[REQUIRED ACTION]
All the entries that follow must be written out again exactly.

--- --- ---

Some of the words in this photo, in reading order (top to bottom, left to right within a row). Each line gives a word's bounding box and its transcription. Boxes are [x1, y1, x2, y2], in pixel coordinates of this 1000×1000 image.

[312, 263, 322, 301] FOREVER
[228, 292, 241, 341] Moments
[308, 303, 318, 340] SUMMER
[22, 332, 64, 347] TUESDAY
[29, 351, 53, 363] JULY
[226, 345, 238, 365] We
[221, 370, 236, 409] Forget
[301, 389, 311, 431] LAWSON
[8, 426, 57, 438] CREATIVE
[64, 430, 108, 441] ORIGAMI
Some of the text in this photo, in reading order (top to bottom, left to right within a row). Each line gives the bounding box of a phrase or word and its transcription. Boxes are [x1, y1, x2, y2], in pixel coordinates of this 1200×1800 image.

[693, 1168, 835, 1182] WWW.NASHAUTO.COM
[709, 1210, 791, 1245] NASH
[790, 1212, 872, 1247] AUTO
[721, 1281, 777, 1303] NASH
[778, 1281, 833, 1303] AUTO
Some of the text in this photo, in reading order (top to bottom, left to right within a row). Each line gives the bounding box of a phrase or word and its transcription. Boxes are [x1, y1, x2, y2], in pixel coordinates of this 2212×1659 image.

--- --- ---

[ANSWER TO THIS PROBLEM]
Some of the words in this photo, in reading order (top to bottom, left to right within a row). Each line gives a word's bounding box and its transcription. Boxes are [x1, y1, x2, y2], in pixel coordinates of this 1000×1000 image.

[312, 263, 322, 301] FOREVER
[228, 292, 241, 341] Moments
[308, 303, 318, 340] SUMMER
[22, 332, 64, 347] TUESDAY
[29, 351, 53, 363] JULY
[226, 345, 238, 365] We
[221, 370, 236, 409] Forget
[301, 389, 311, 431] LAWSON
[8, 426, 57, 438] CREATIVE
[64, 430, 108, 441] ORIGAMI
Some of the text in this photo, in reading order (top to bottom, left to right within a row). Each line gives the bounding box of a phrase or word and its transcription. Boxes are [x1, y1, x2, y2], in pixel coordinates of this 1200×1800 image.

[693, 1168, 835, 1182] WWW.NASHAUTO.COM
[709, 1210, 791, 1245] NASH
[790, 1212, 872, 1247] AUTO
[721, 1281, 777, 1303] NASH
[778, 1281, 833, 1303] AUTO
Some of the text in this photo, in reading order (top to bottom, left to right within a row). Each line gives the bounding box of a phrase or word and its transcription. Boxes are [x1, y1, x2, y2], in pixel coordinates of this 2212×1659 image.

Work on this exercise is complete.